Hong Kong's 2014 and 2015 GDP forecasts revised down
Amid growth slowdown in 1H14.
Growth slowed yet again to 1.8%y/y in 2Q14 from 2.5% in 1Q14, largely driven by a very weak domestic economy.
According to a research note from UBS, the improvement in goods exports was not enough to offset the domestic weakness. The report said that 2H14 could improve slightly, though.
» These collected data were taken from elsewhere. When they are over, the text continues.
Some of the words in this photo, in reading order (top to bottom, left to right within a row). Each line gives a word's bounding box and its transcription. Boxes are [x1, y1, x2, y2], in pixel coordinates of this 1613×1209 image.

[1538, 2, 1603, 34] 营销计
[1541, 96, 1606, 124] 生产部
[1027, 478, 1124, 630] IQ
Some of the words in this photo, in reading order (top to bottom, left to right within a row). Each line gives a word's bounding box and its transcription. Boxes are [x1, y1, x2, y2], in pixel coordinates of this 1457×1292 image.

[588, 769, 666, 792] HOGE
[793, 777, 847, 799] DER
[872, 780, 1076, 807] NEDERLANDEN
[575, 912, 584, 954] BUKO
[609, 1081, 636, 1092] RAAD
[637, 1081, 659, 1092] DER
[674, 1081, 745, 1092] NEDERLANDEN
Amid this, UBS revised down its 2014 and 2015 GDP forecasts to 2.3%y/y (old: 3.0%) and 2.5%y/y (2.8%), respectively.
Here's more from UBS:
What they mean: GDP is the broadest measure of economic activity. It is strongly correlated with the profit cycle
and provides important clues about inflation and the direction of policy.
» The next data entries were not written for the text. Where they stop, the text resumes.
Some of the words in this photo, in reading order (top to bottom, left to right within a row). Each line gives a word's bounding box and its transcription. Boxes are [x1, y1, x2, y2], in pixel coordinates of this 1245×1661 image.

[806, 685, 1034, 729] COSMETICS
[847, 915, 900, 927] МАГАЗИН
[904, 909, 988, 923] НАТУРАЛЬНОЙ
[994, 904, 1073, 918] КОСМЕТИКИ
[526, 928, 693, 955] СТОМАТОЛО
However, GDP has less relevance for cyclical policymaking because monetary policy is set by the US Fed according to the logic of Hong Kong’s fixed exchange rate.
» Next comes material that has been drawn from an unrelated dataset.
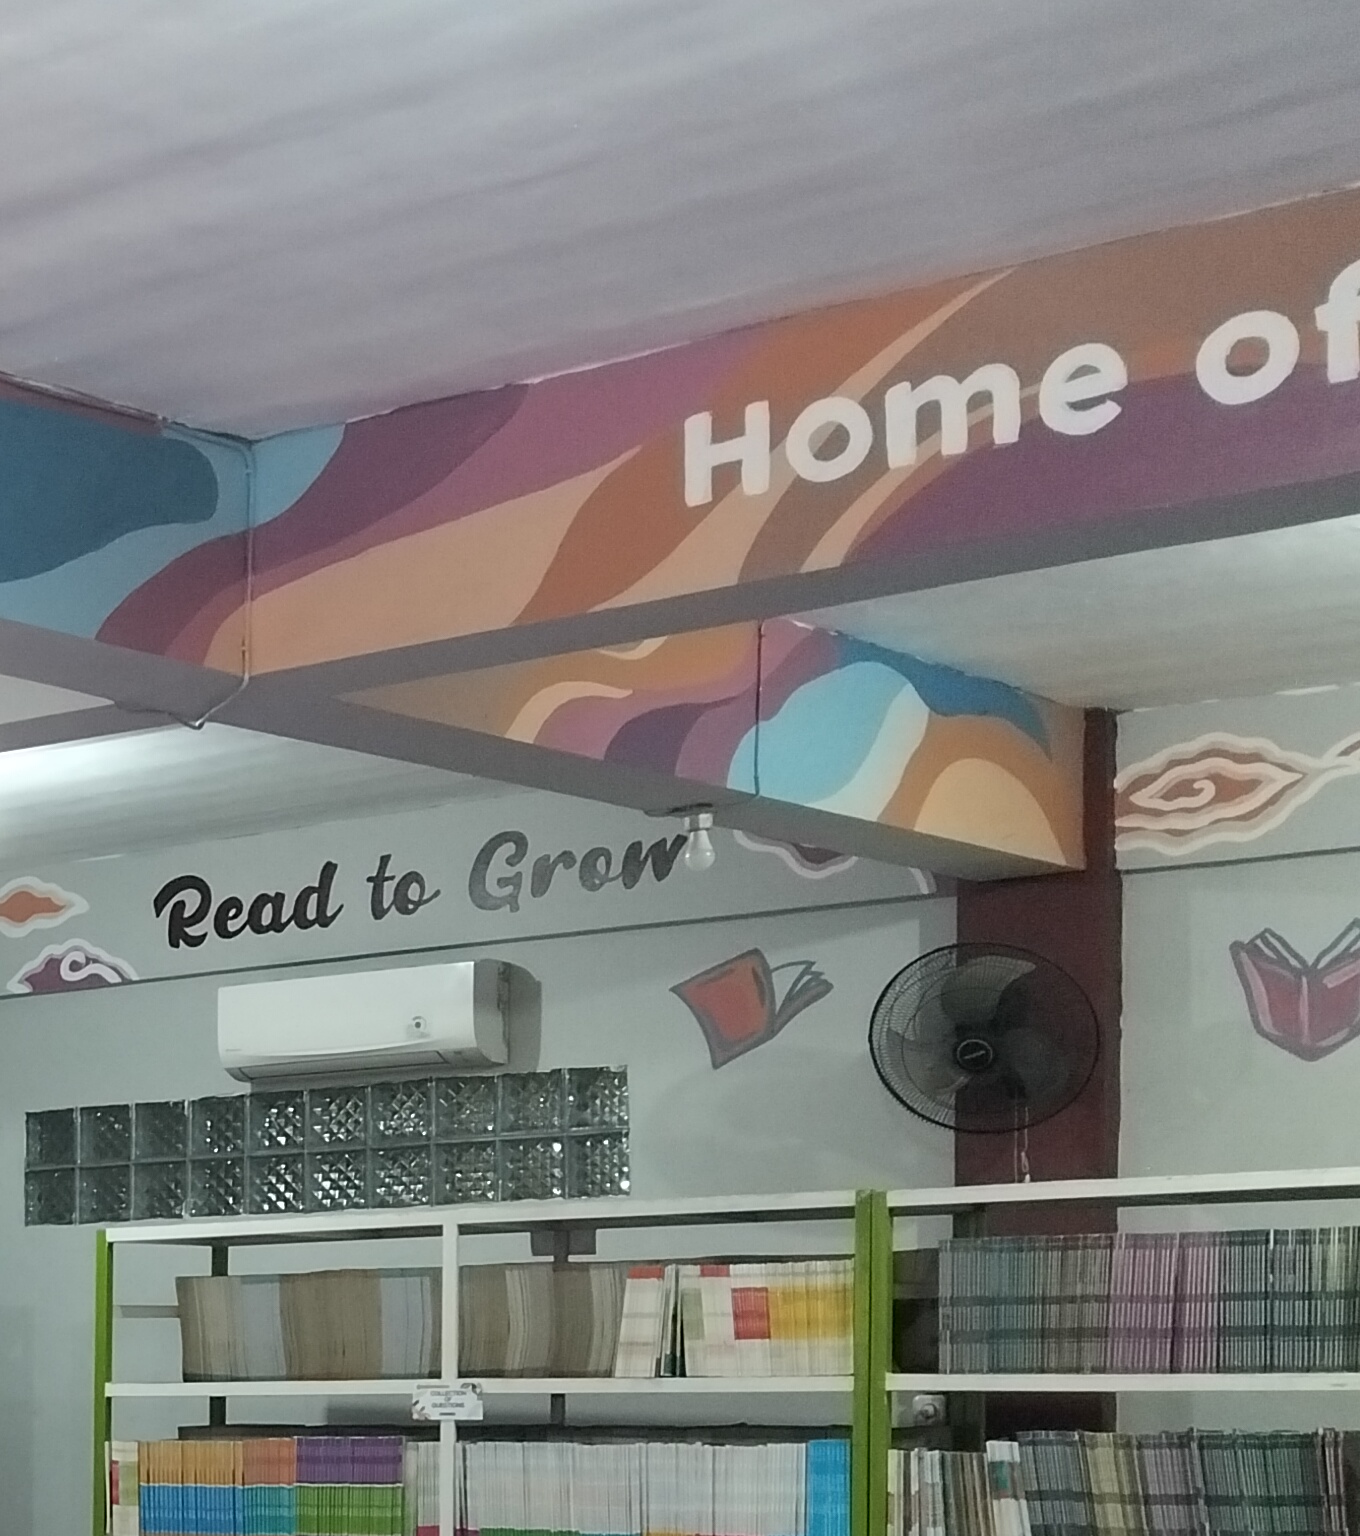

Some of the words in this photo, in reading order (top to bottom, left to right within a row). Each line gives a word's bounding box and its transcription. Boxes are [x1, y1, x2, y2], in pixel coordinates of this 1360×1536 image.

A strong commitment to the fixed exchange rate also limits fiscal policy in practice.
12-month outlook: We've revised down our 2014 and 2015 GDP forecasts to 2.3%y/y (old: 3.0%) and 2.5%y/y (2.8%), respectively.
The domestic economy, in particular private consumption, is trending down, in part as domestic asset prices deflate and HK adjusts to the tightening liquidity conditions.